Depuis le début de l’année 2025, 26 000 plaintes pour non-paiement de salaires ont été déposées par des Russes auprès du ministère du Travail, un chiffre en augmentation de 1,6 fois par rapport à 2024 (+11 000). Cela représente 37% du total des demandes électroniques adressées à l’organisme, contre 31% l’année précédente, selon les calculs des **Izvestia** basés sur des données officielles. En tout, le nombre de plaintes depuis le début de l’année a dépassé 70 000, soit presque 1,5 fois plus qu’en 2024.
Selon Natalia Milchakova, analyste principale chez Freedom Finance Global, cette augmentation des plaintes est liée à la montée des dettes salariales des entreprises russes. D’après les données de Rosstat, la dette salariale en retard en Russie a plus que triplé au cours de l’année, atteignant 2,2 milliards de roubles à la fin d’octobre. En un mois, les dettes salariales ont augmenté de 11%, et leur niveau actuel (hors inflation) est le plus élevé depuis août 2020, note l’économiste Olga Belenkaya de **Finam**.

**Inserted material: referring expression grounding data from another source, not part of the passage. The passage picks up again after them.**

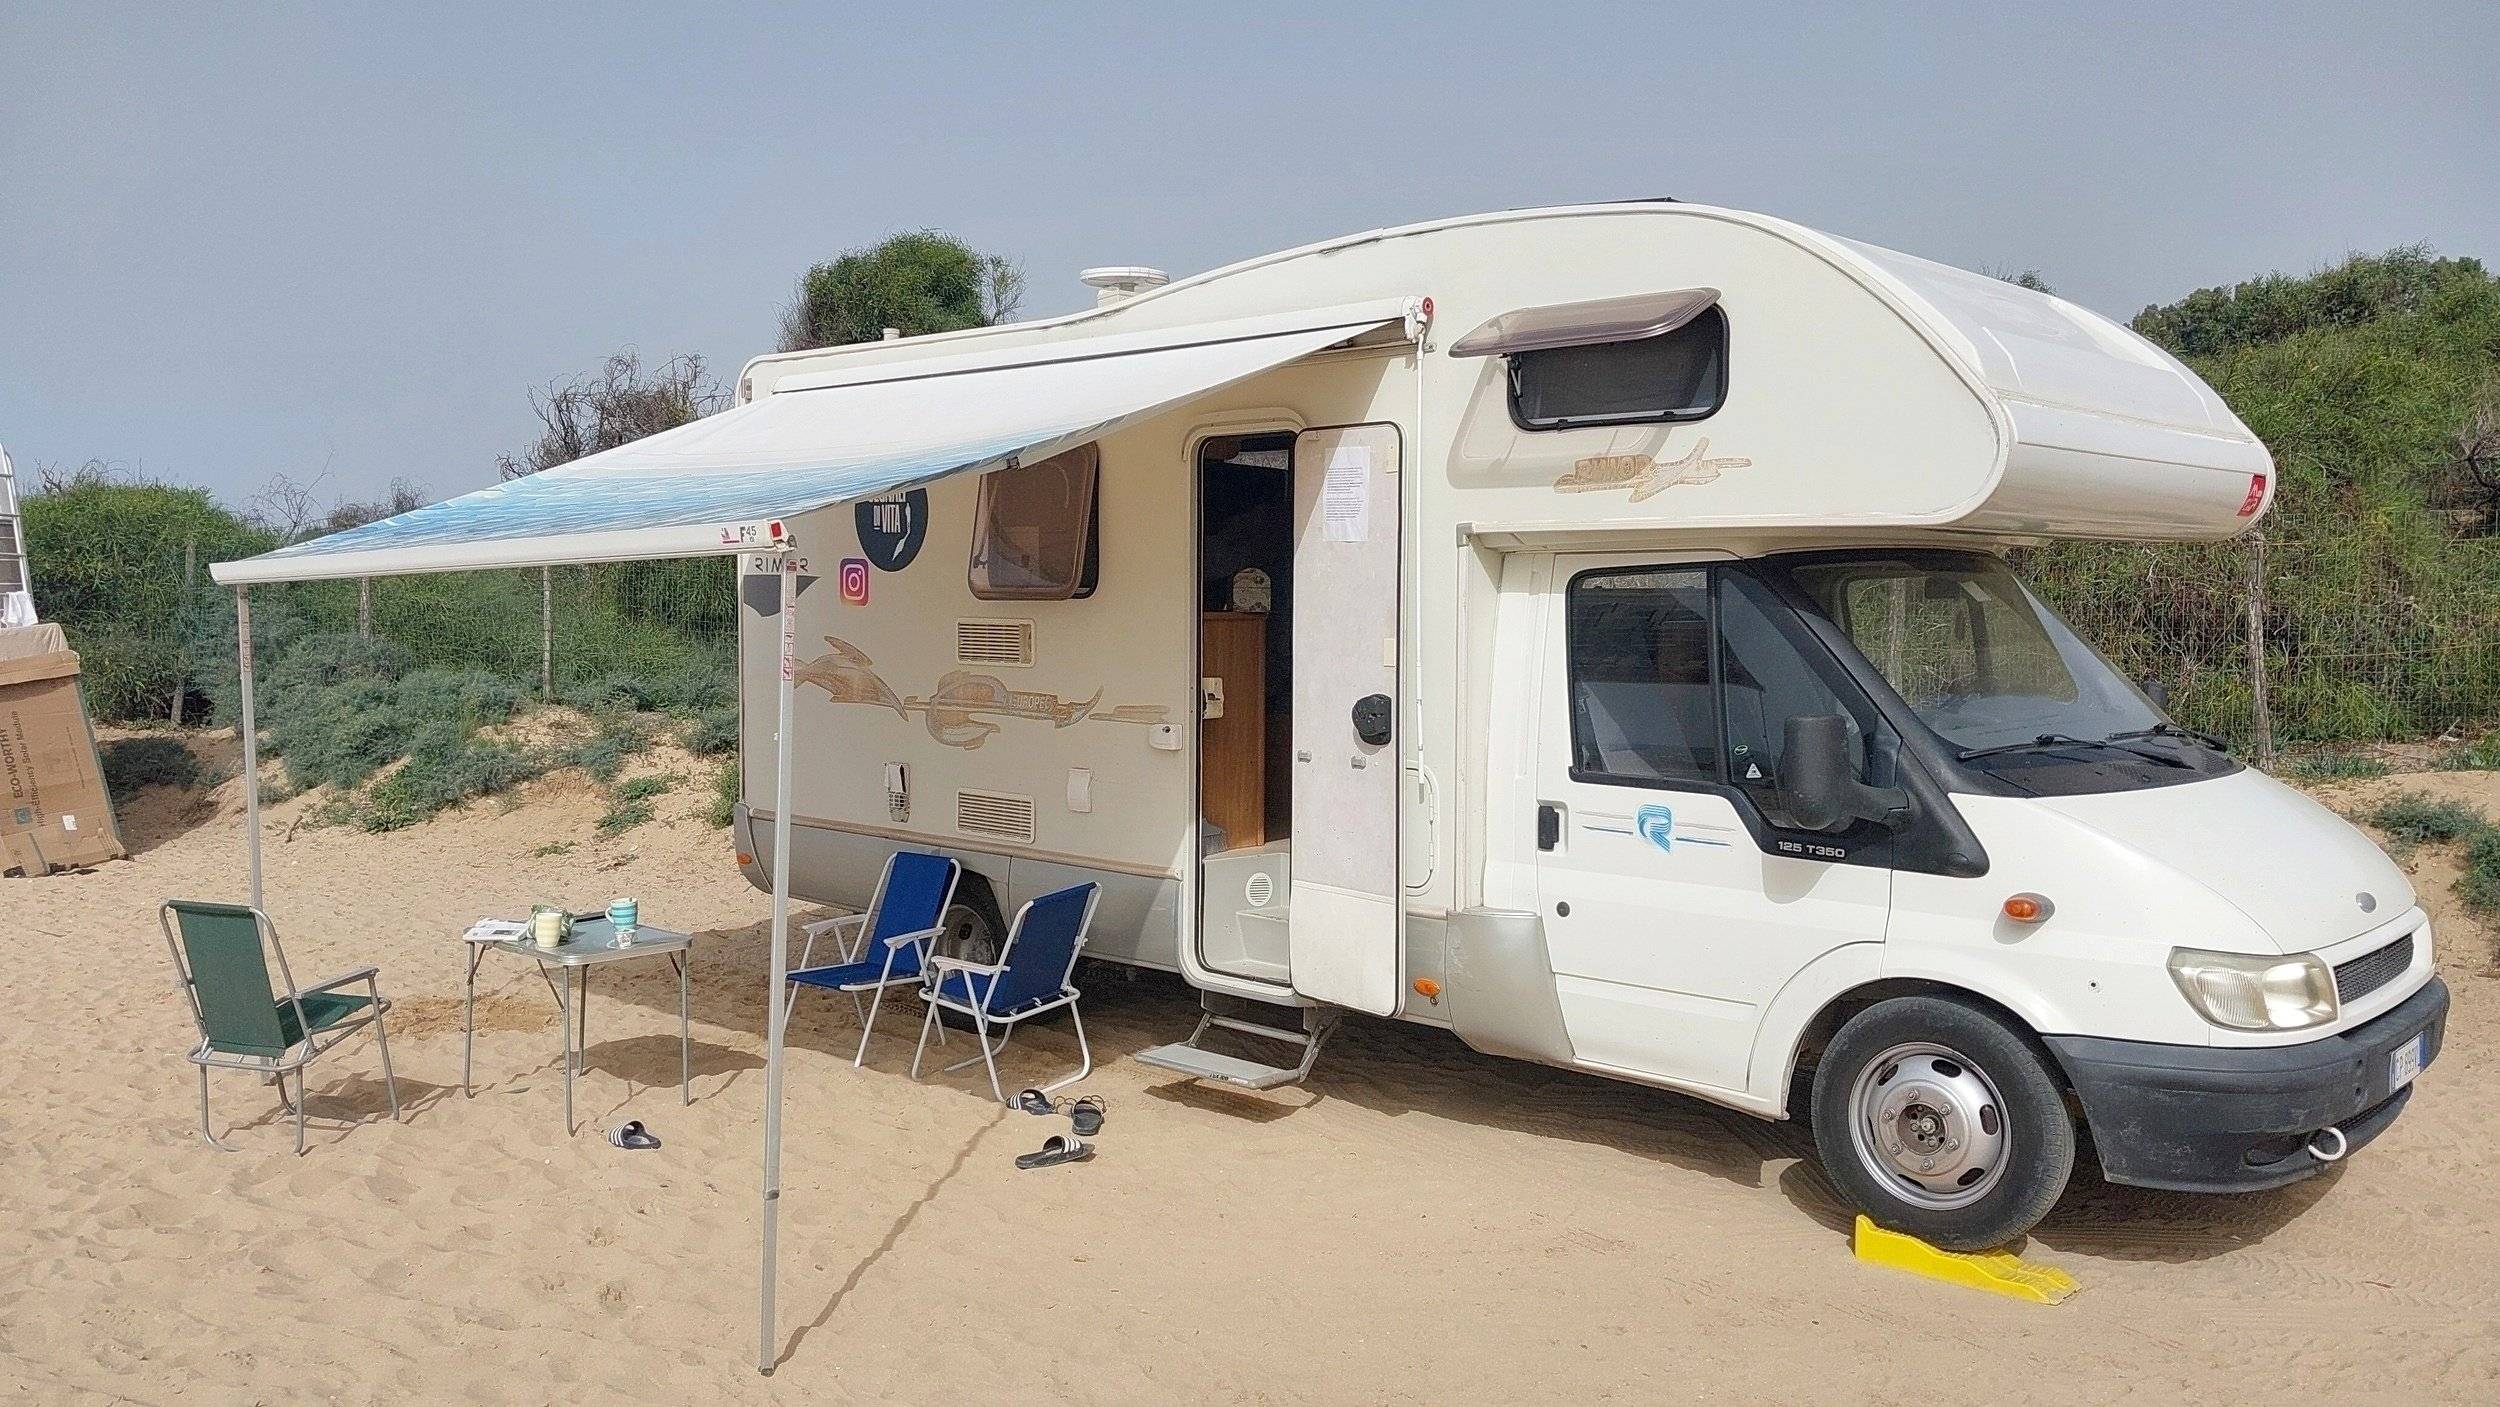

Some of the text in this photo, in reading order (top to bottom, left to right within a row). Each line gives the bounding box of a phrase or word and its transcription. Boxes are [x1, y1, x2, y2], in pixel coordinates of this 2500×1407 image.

[881, 504, 901, 533] VITA
[740, 525, 757, 543] F45
[755, 557, 809, 573] RIMR
[0, 727, 24, 800] ECO-WORTHY
[1778, 841, 1846, 858] 125 T350

Plus d’un tiers (36%) de l’ensemble des dettes de salaires provient des sociétés du secteur de la construction. Le secteur minier accumule également des dettes significatives (près de 25%) tandis que l’industrie manufacturière représente environ 21%. « La raison est simple : de nombreuses entreprises de ces secteurs fonctionnent avec de longs cycles de production et rencontrent régulièrement des retards de paiement de la part de leurs partenaires. Parallèlement, les taux d’intérêt augmentent, ce qui pousse à réallouer une partie des fonds pour le service des crédits. Il est important de noter que presque 78% de l’ensemble des dettes a été constitué en 2025 », explique Igor Rastorguev, analyste principal chez AMarkets.

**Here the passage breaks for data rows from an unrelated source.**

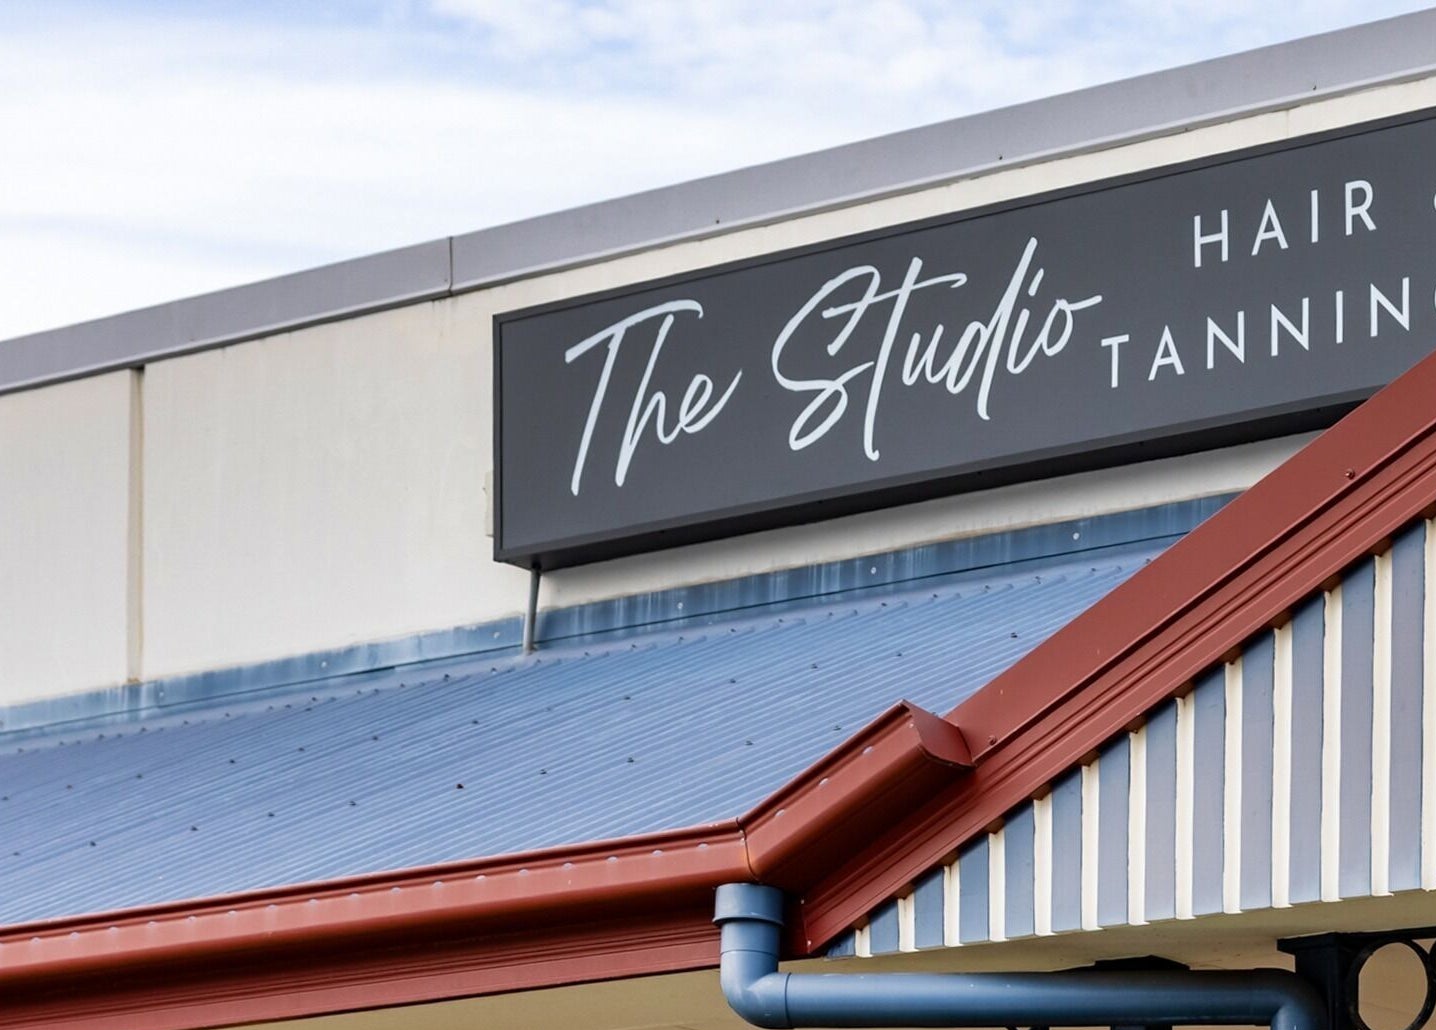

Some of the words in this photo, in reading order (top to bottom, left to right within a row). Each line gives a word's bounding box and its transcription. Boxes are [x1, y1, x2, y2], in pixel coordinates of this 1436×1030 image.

[1193, 180, 1377, 268] HAIR
[565, 298, 743, 496] The
[771, 235, 1103, 462] Studio
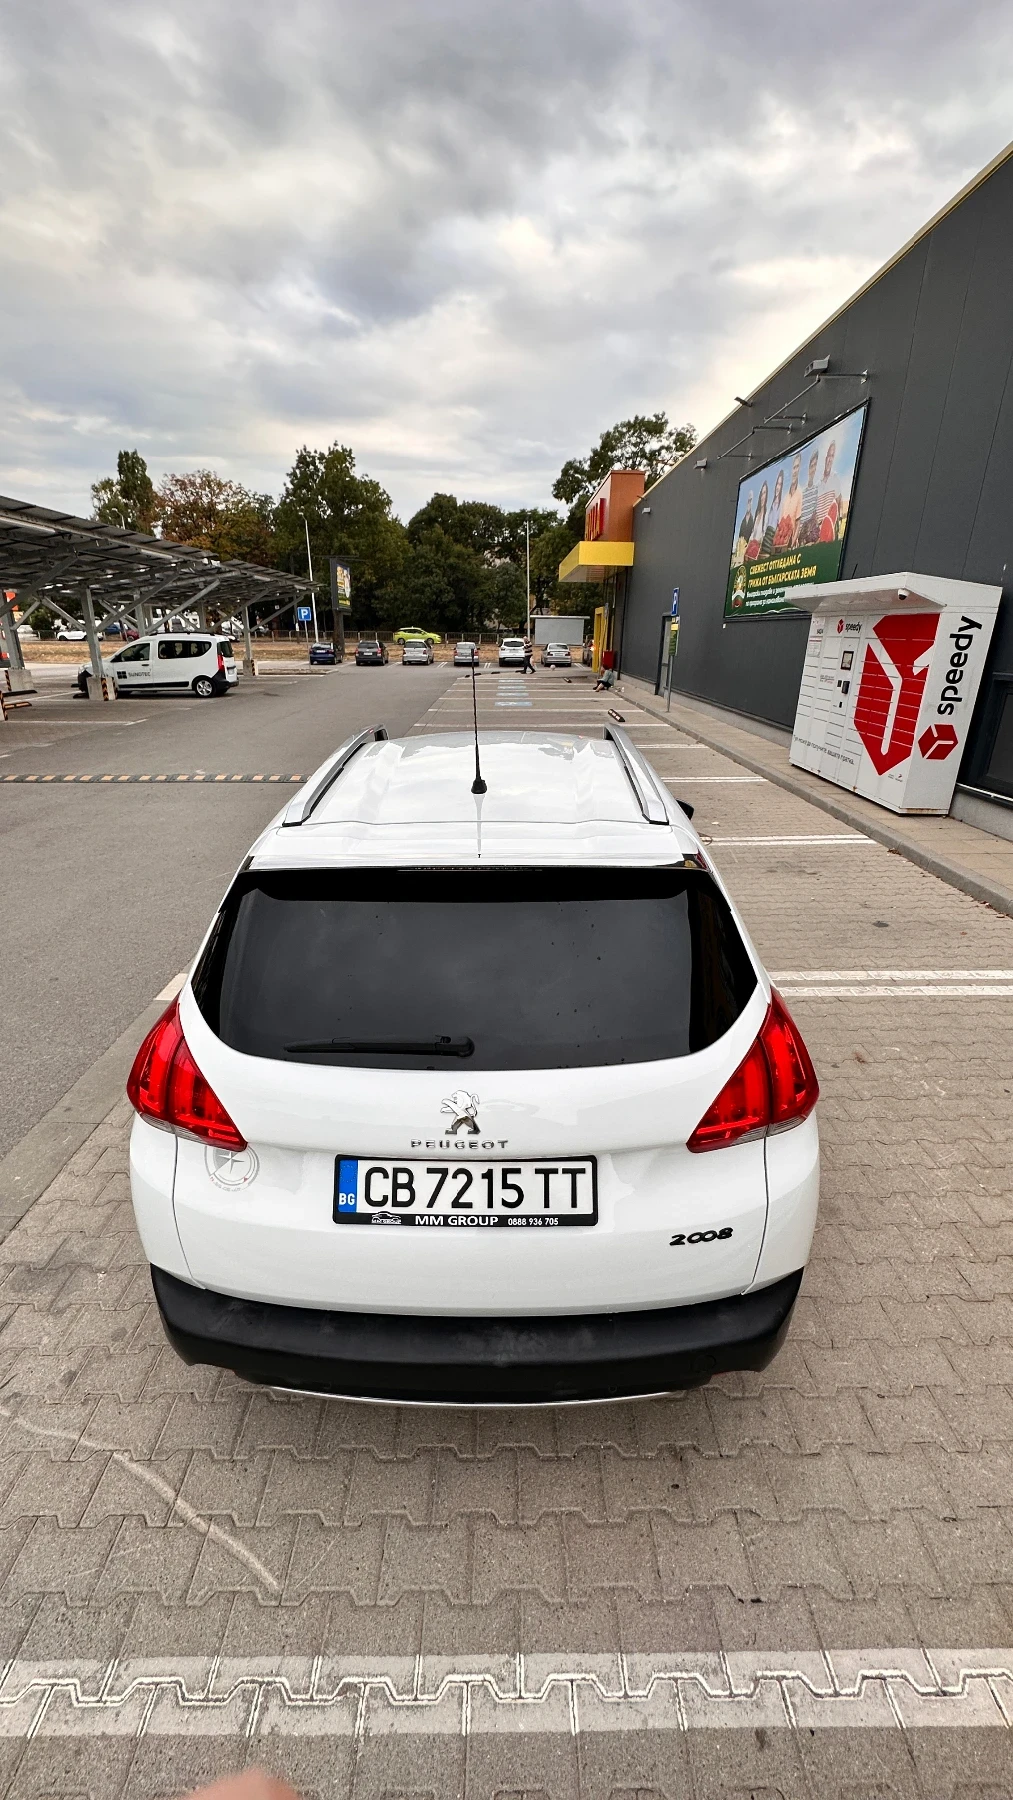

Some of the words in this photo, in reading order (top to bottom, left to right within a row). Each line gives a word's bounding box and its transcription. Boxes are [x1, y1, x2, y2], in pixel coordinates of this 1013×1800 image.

[800, 565, 817, 579] ЗЕМЯ
[301, 609, 309, 619] P
[845, 621, 862, 633] speedy
[937, 615, 982, 715] speedy
[410, 1139, 509, 1149] PEUGEOT
[364, 1166, 416, 1209] CB
[426, 1167, 524, 1209] 7215
[534, 1168, 586, 1209] TT
[338, 1192, 355, 1206] BG
[414, 1215, 445, 1226] MM
[447, 1215, 499, 1227] GROUP
[507, 1217, 527, 1226] 0888
[528, 1217, 543, 1226] 936
[544, 1217, 559, 1226] 705
[669, 1227, 733, 1246] 2008

D’après les statistiques gouvernementales, à la fin d’octobre 2025, environ 12 000 travailleurs en Russie n’avaient pas reçu leur salaire à temps, soit près de 1% des travailleurs recensés par Rosstat. En l’espace d’un an, le nombre de salariés sans paiements a plus que doublé, souligne Belenkaya. Elle précise également que ces données ne reflètent pas la situation des petites entreprises, où « la situation concernant les dettes de salaires peut être la plus critique ».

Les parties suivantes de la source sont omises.